Having a personal connection to someone who could ultimately benefit from funds raised for NephCure Kidney International makes it even more special, LaFace says.
“Will is a good, genuine person. He doesn’t want this to be about him,” he says. “But when you get to know him, you want to do everything you can to find a cure for this disease.”
Wellman, 32, isn’t letting FSGS dictate how he lives his life. A few years after he got his diagnosis, he went to Princeton University to earn a second master’s in divinity. He now works for Palma Ceia Presbyterian Church
, heading up its adult education program. In his spare time, he’s the founding editor of the nonprofit EcoTheo Review
, an online publication with a mission to enliven faith and ecological communities through writing, arts and education.

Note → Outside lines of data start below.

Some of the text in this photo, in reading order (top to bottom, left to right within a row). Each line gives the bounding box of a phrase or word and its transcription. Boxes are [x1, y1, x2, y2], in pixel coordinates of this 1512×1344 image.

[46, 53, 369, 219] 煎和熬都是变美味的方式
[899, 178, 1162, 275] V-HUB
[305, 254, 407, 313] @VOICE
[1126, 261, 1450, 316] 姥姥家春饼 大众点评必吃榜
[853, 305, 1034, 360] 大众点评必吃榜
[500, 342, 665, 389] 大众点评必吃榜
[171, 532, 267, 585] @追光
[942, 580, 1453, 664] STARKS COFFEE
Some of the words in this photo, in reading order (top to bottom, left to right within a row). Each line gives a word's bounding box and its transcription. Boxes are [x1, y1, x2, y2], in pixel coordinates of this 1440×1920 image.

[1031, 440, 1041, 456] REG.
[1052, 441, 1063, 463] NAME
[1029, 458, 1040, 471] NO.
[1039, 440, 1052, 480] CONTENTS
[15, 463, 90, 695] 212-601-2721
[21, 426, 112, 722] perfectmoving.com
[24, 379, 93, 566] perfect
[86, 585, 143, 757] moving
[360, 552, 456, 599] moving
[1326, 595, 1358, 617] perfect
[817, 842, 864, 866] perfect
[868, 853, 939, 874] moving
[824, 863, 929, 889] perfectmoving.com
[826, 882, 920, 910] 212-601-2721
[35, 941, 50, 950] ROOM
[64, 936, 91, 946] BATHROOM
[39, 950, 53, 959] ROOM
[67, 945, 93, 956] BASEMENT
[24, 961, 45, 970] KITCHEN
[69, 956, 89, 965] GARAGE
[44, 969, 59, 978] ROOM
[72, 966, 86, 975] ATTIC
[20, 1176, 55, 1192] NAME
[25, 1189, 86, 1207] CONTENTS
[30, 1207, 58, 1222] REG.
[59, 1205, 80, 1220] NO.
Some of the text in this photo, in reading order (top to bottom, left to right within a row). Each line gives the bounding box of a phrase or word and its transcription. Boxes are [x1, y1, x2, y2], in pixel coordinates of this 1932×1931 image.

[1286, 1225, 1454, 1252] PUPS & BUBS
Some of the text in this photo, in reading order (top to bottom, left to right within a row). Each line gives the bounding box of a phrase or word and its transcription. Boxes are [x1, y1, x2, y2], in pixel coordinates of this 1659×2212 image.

“I’m a bit of a nerd,” he admits, laughing. “I found a way to combine both of my passions.”
How does he balance the rigors of his medical condition with living a normal life? For starters, he goes to dialysis three times a week at night, hooked up to the lifesaving machine from about 6:30 p.m. to 2 a.m. He uses that time to catch up his reading, editing, emails and a short nap. And to ward off feeling sluggish and tired, he adheres to a restricted diet and has a regime of running, working out and kayaking.
“If I’m in good physical shape, I feel good. Dialysis is hard on your body and your heart, especially when it’s long-term,” Wellman says. “So keeping physically fit is the best thing you can do for yourself.”
He doesn’t think too far into the future about his disease. Wellman calls himself a “patient optimist” and hopes for the gift of another kidney one day – once they discover how to prevent it from getting afflicted with FSGS. Knowing that his friends and this community are playing a role in funding research to possibly make that happen is “little overwhelming.”
One thing he doesn’t do is wonder “Why me, God?” That is nothing but bad theology, he says. Instead, he is grateful that God has met him at his suffering and given him hope and courage to deal with his disease.
“I prefer to focus on all the good in my life,” he says. “God’s grace is everywhere around me. The Pig Jig is just one example. So I’m actually a very blessed person.”